Проснувшись в автобусе семнадцатого мая и увидев со всех сторон празднично одетых людей, я испугался. Впрочем, ненадолго — довольно было пары бутылок, и страх улетучился, а мы пошли продавать выпускную газету, чтобы заработать на пиво. К двенадцати я ощущал такую свободу, какая бывает, лишь когда пьешь много дней подряд. Я бегал по улицам, орал, болтал с незнакомыми, с кем-то шутил и кому-то хамил. И вот, радостный, но и ужасно усталый, шагая на параде в колонне, когда с обеих сторон на нас смотрели зеваки, упакованные в свои лучшие наряды, пиджаки с брюками и национальные костюмы, и в глазах рябило от норвежских флажков, я вдруг услышал, как меня кто-то зовет.
Это были бабушка с дедушкой.
Я остановился перед ними и ухмыльнулся. С ними был и сын Гуннара, и я бы не удивился, узнав, что до меня он пьяных ни разу в жизни не видал. Они наградили меня холодными взглядами, но мне было плевать, я расхохотался и зашагал прочь, до экзамена оставалось двое суток, и мне хотелось, чтобы это продолжалось вечно. Сам выпускной предполагался в фан-центре, и настроение у меня начало портиться, хоть я и не поддавался. Я и еще двое, тоже не желавшие мириться с окончанием праздников, поймали посреди ночи такси и завалились к Бассе. Дома его не было, да и вообще никого не было, поэтому мы подставили стремянку и залезли на второй этаж, где заметили приоткрытое окно. Забравшись внутрь, мы уселись в гостиной на полу и, проделав дырку в бутылке из-под колы, курили гашиш. Бассе вернулся утром и, естественно, дико разозлился, но зато мы успели несколько часов поспать и осознать, что все совершенно очевидно закончилось. Проснулся я еще не протрезвевшим, однако на этот раз поправиться было нечем, и в автобусе по дороге домой я стал все глубже и глубже проваливаться в себя, и это было кошмарно, все было кошмарно. Мама будто бы забыла, что выставила меня из дома, мы едва перекинулись парой слов, и я залег в ванну, глядя, как собирается на поверхности воды сошедшая с меня грязь. Я устал и рано лег, потому что на следующий день меня ждал экзамен по норвежскому; но уснуть не получалось. Руки ходили ходуном, но не только руки — каждый раз, когда я смотрел на провод от лампы, он начинал раскачиваться туда-сюда точно змея. Пол перекосился, стены наклонились, я потел и ерзал на кровати, а в голову лезли непрошеные картинки. Это было ужасно, я провел ночь в преисподней, но тут наступило утро, я встал, оделся и поехал в школу. Сосредоточиться я не мог и каждые двадцать минут просил дежурного отвести меня в туалет, где умывался холодной водой.
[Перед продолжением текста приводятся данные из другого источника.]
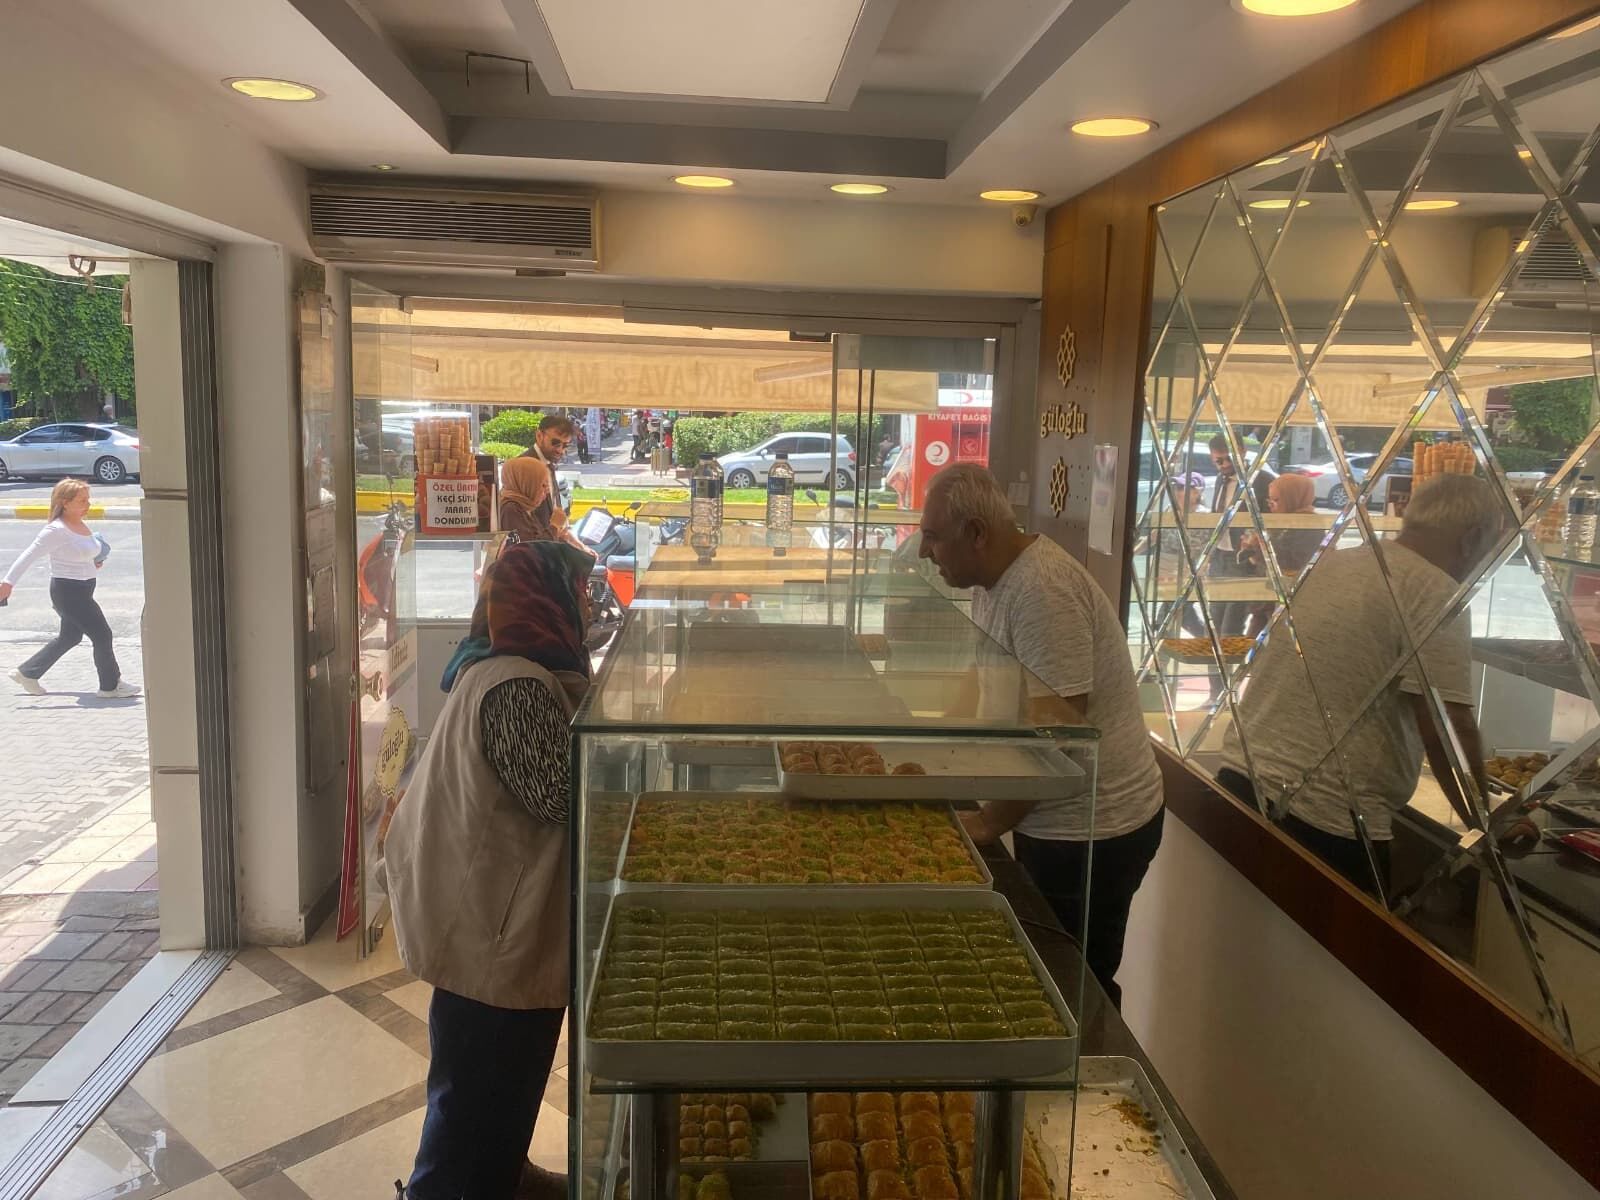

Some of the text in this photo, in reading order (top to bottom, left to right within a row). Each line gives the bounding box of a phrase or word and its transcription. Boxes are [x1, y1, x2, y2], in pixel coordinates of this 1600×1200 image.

[1040, 401, 1086, 440] güloğlu
[432, 481, 454, 491] ÖZEL
[437, 494, 456, 505] KEÇİ
[381, 728, 405, 773] güloğlu
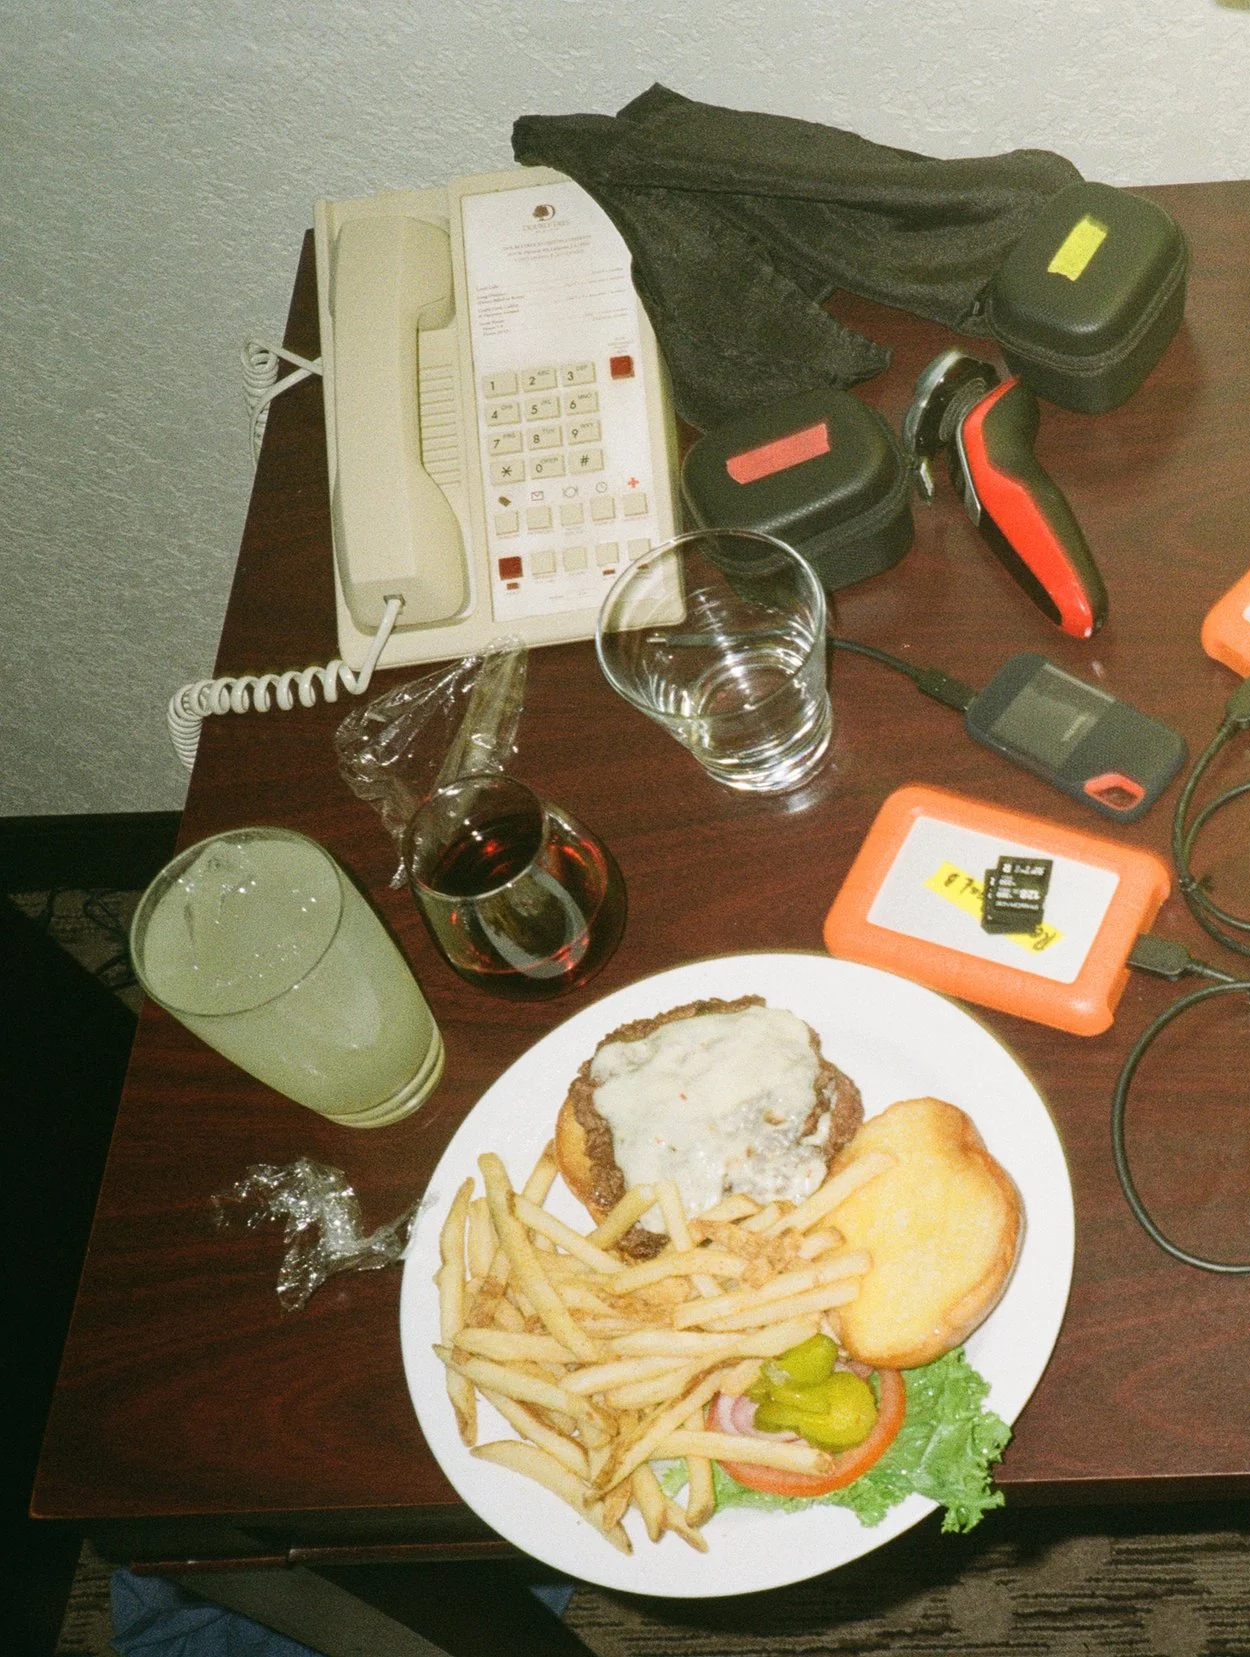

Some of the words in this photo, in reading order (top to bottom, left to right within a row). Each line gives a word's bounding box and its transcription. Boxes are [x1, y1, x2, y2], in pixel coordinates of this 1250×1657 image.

[568, 372, 574, 380] 3
[490, 381, 495, 390] 1
[529, 376, 536, 386] 2
[531, 404, 538, 414] 5
[570, 400, 576, 410] 6
[491, 410, 498, 419] 4
[572, 429, 578, 438] 9
[494, 439, 500, 448] 7
[534, 434, 540, 444] 8
[580, 455, 589, 466] #
[536, 464, 543, 473] 0
Из всего случившегося я в эти дни с особым ужасом вспоминал встречу с бабушкой и дедушкой. Но они же не знали, что я так много выпил? И не подозревали, что я не только пил, но и гашиш курил? Ну, конечно, нет. В июне этого года я написал в дневнике, что месяцы перед выпускным были счастливейшими в моей жизни. Я так и написал — счастливейшее время в моей жизни.
Почему я так написал?
О, я испытывал такое счастье. Я смеялся, был свободен и дружил со всеми вокруг.
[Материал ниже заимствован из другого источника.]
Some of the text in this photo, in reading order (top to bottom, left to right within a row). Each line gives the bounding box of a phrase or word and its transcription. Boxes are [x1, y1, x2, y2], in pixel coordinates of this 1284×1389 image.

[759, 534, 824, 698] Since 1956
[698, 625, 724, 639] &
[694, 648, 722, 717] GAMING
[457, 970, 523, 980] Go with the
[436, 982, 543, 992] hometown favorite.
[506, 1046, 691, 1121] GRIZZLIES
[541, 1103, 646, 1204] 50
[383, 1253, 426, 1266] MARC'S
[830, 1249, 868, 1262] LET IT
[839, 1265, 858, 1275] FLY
В конце июня я переехал. Мама отвезла меня в квартирку при больнице. Месяц я проработал там, встречался с Линой, по вечерам и выходным пил вино и курил гашиш, если удавалось его раздобыть. Эспен от гашиша наотрез отказался, назвав его мерзостью, а еще он снова вспомнил ту историю, которая случилась в ночь на семнадцатое мая; вспомнил, как обнаружил труп. Однажды вечером Эспен позвонил мне и сказал, что в газете напечатали заметку о том, что в акватории порта выловили труп мужчины. Это он, утверждал Эспен, и я так и не понял, пугает он или говорит всерьез. Он уверял, будто у него осталось зыбкое, похожее на сон воспоминание, как он собственноручно затаскивает труп в лодку. А зачем это тебе понадобилось, удивился я. Спьяну, ответил он. Кроме тебя никто никаких трупов не видел. Ты выдумываешь. Нет, возразил Эспен, это правда. Ты же помнишь, что с нами в лодке сидел мужик? Ну да. Ты его видел? Да. Так вот он был мертвый. Эспен, слушай, если даже он и был мертвый, зачем ты его сбросил за борт, а потом еще и за нами сбегал? Не знаю.